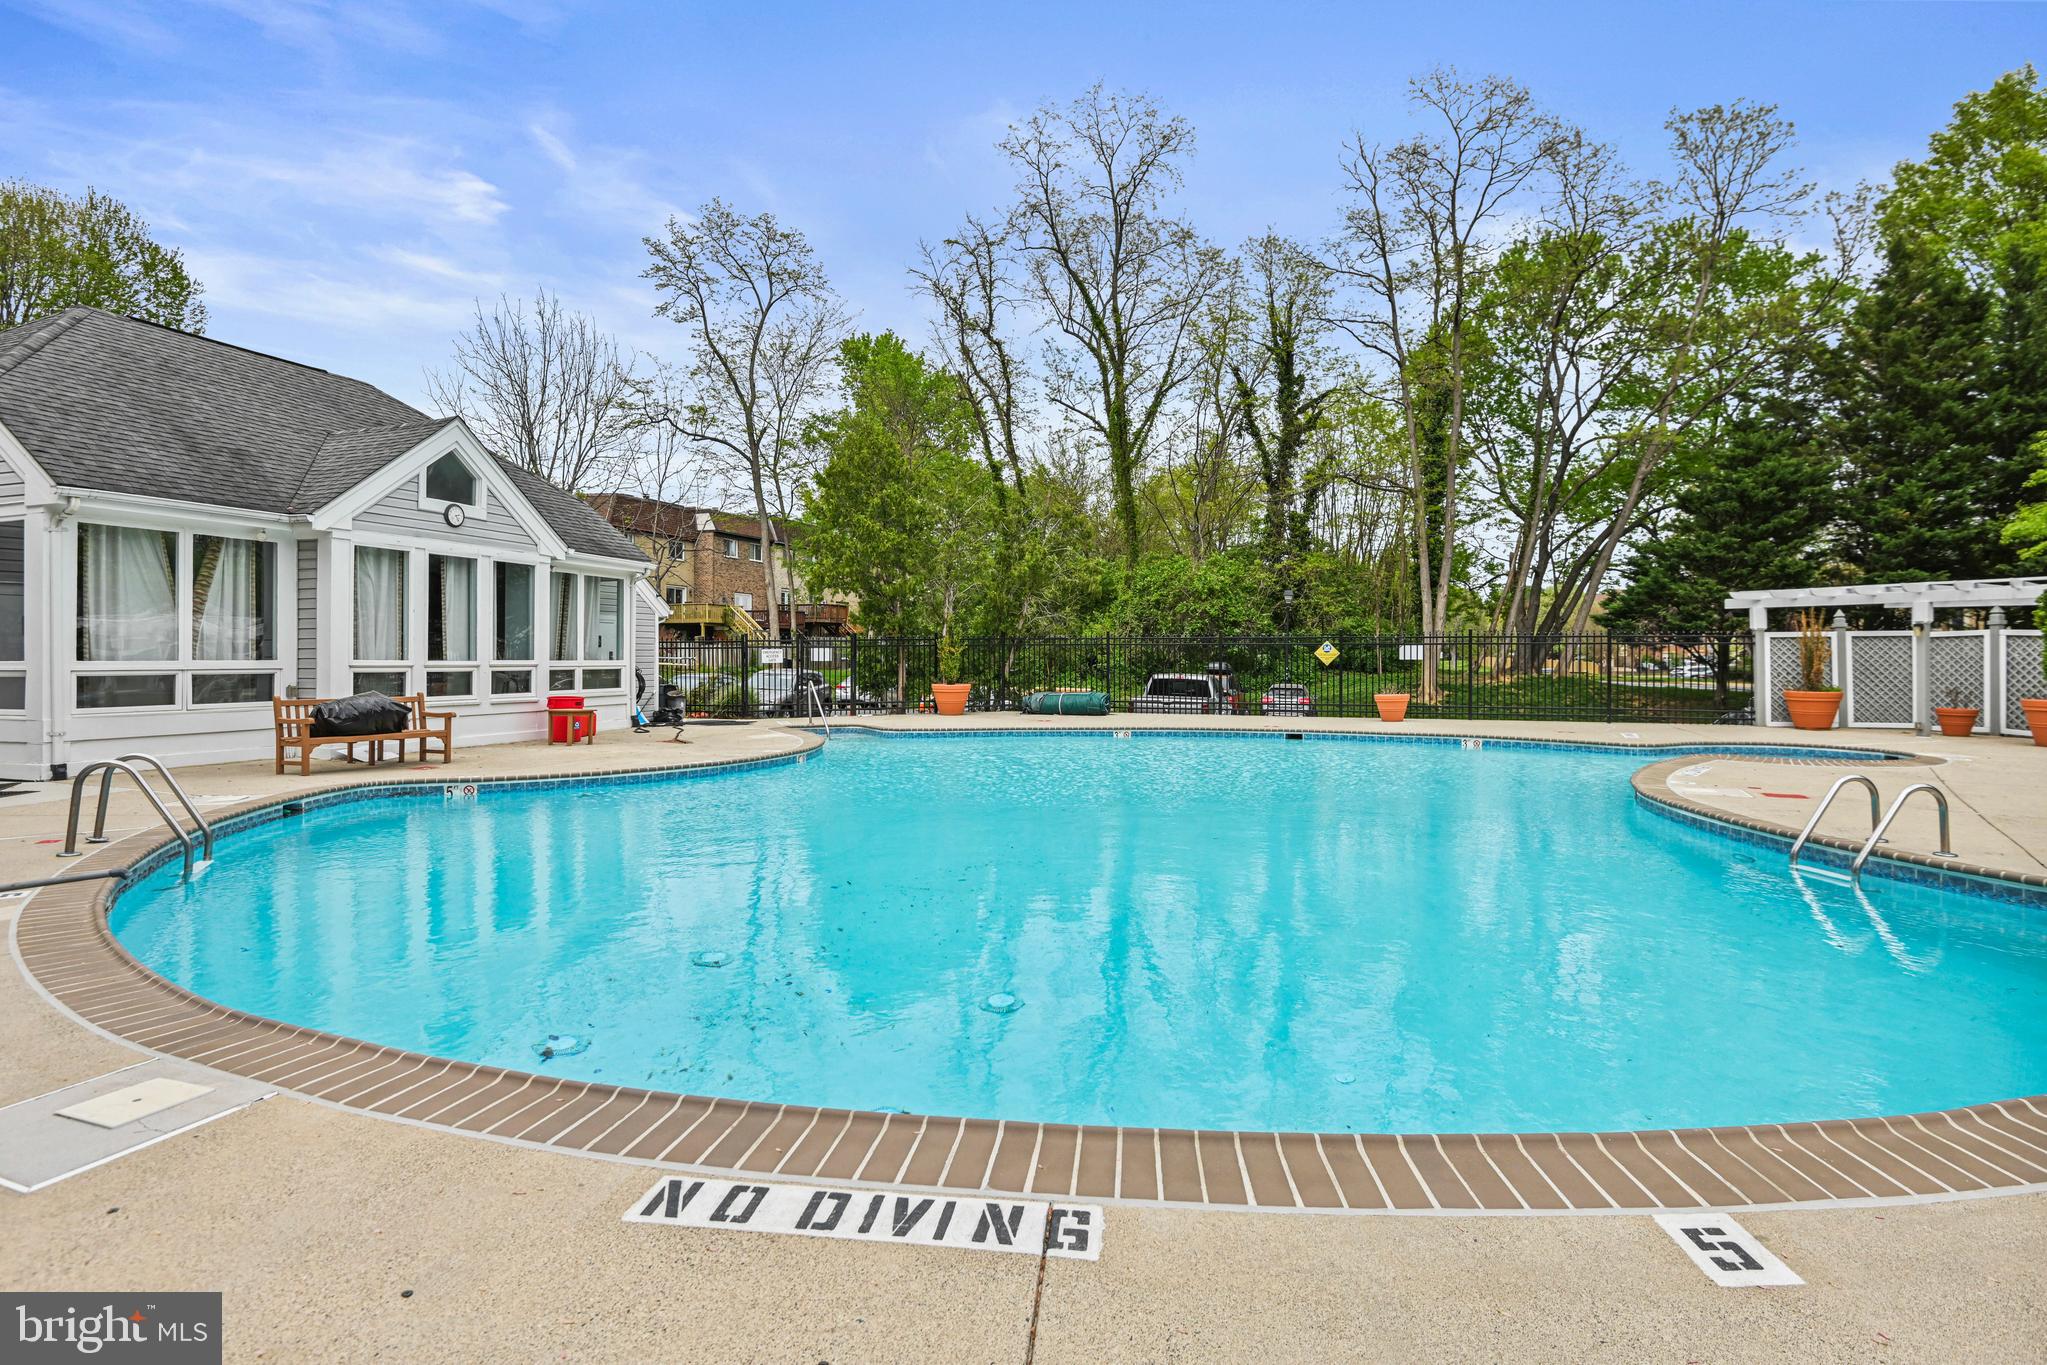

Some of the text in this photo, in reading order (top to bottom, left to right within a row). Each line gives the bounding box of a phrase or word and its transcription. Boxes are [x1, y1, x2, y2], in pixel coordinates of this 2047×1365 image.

[446, 785, 453, 800] 5
[640, 1179, 1092, 1252] NO DIVING
[1680, 1227, 1765, 1271] 5
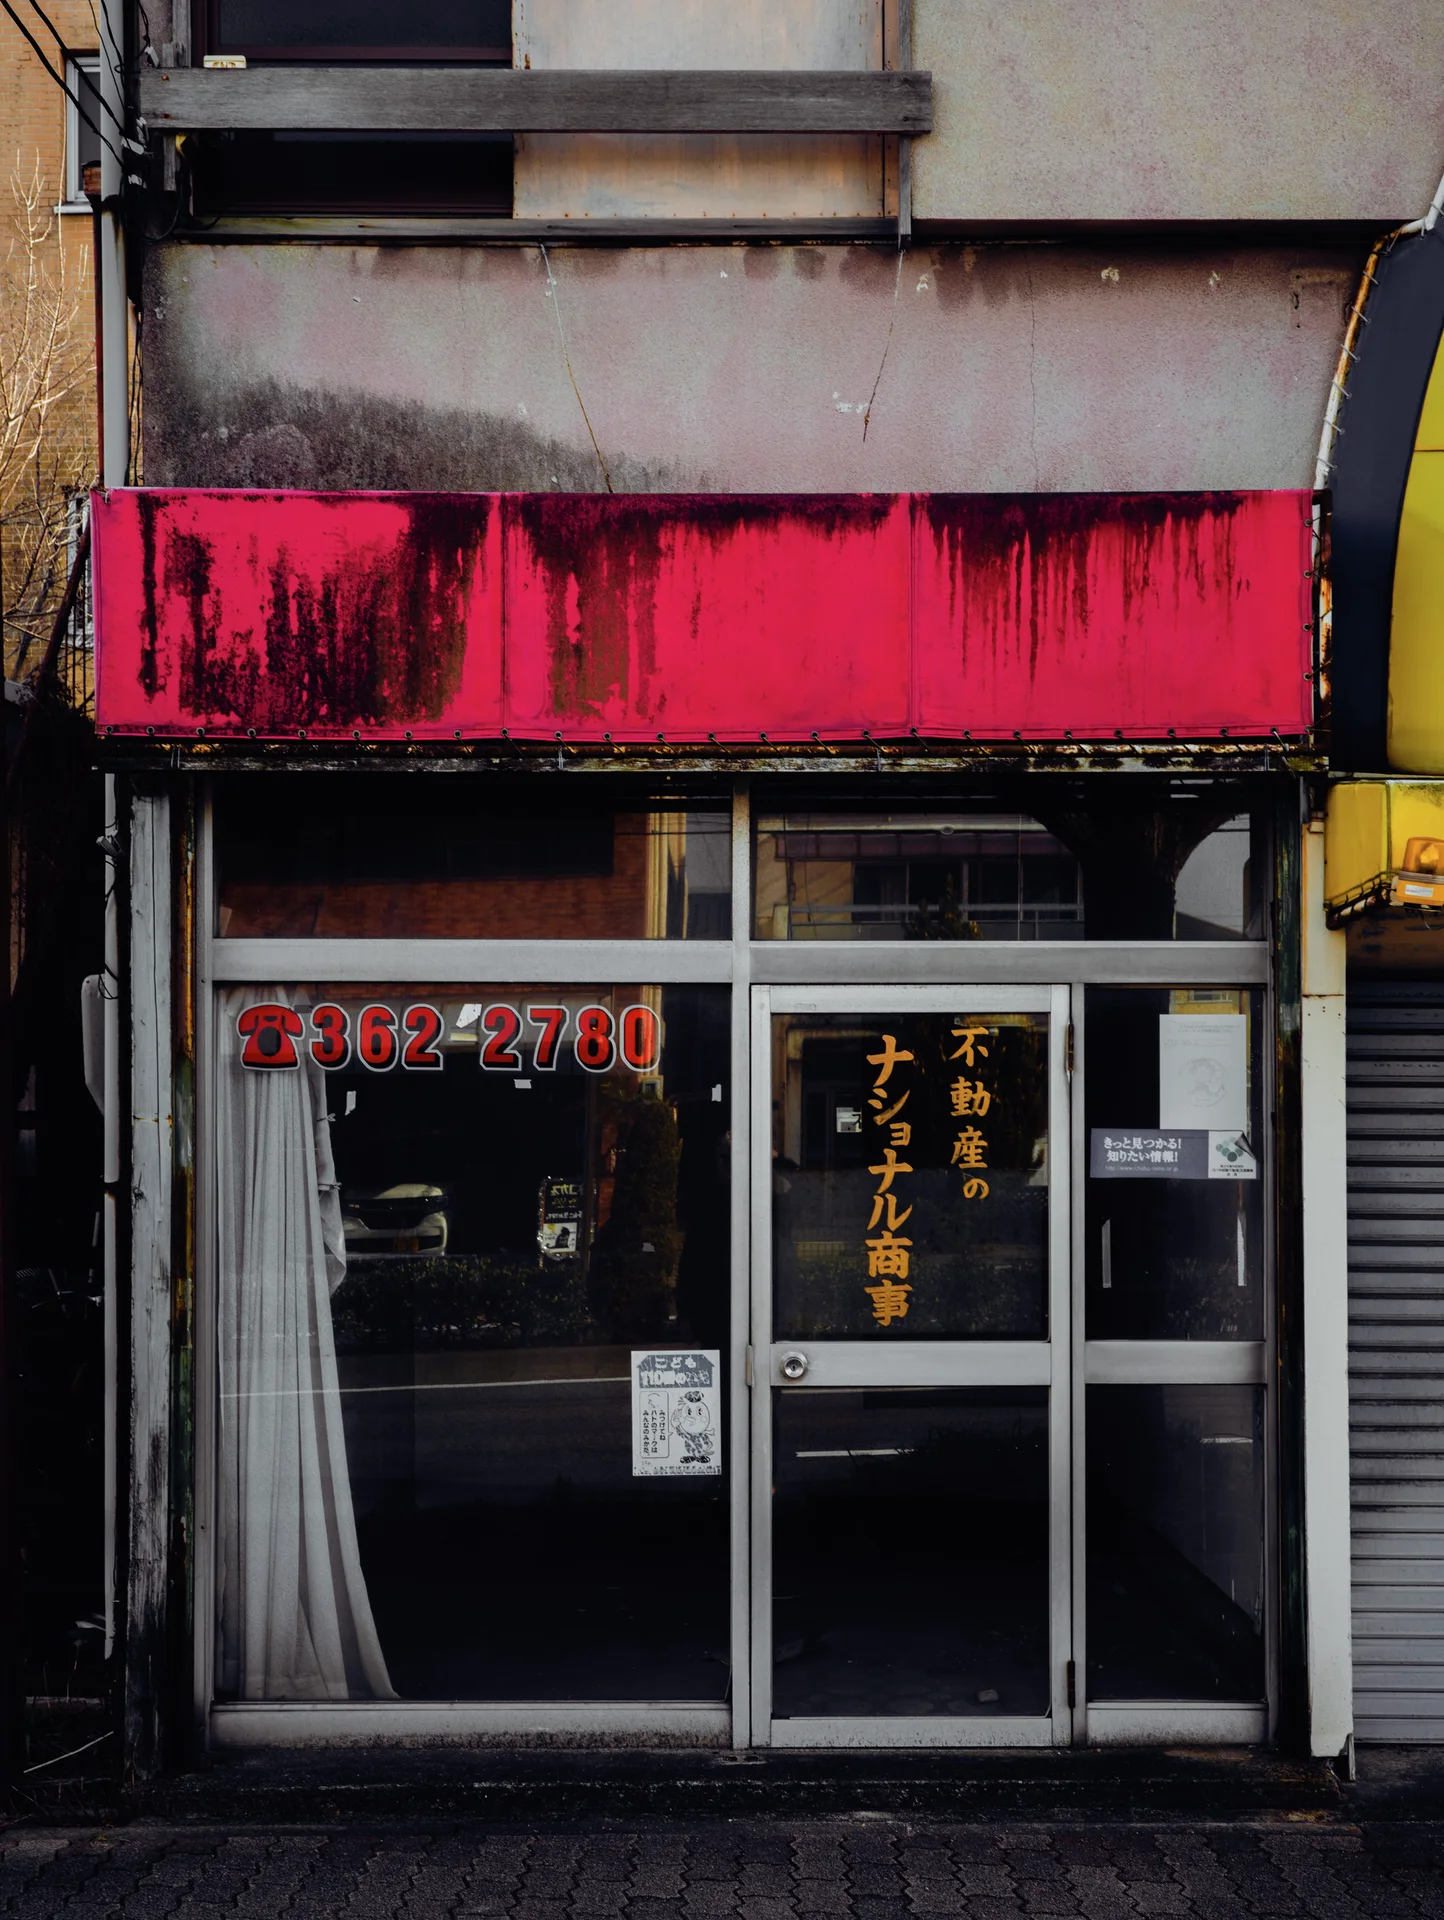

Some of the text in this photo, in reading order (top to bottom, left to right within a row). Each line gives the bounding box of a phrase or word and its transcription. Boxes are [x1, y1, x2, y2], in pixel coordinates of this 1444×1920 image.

[309, 1003, 662, 1072] 362 2780
[949, 1026, 991, 1200] 不動産の
[1103, 1136, 1182, 1150] きっと見つかる!
[863, 1034, 914, 1327] ナショナル商事
[1106, 1150, 1179, 1163] 知りたい情報!
= = = =
» Activity
Start copying at the line that contains "this 1444×1920 image." and stop after the last line of the records, keeping every line exactly.

» Task output
Some of the text in this photo, in reading order (top to bottom, left to right within a row). Each line gives the bounding box of a phrase or word and its transcription. Boxes are [x1, y1, x2, y2], in pixel coordinates of this 1444×1920 image.

[309, 1003, 662, 1072] 362 2780
[949, 1026, 991, 1200] 不動産の
[1103, 1136, 1182, 1150] きっと見つかる!
[863, 1034, 914, 1327] ナショナル商事
[1106, 1150, 1179, 1163] 知りたい情報!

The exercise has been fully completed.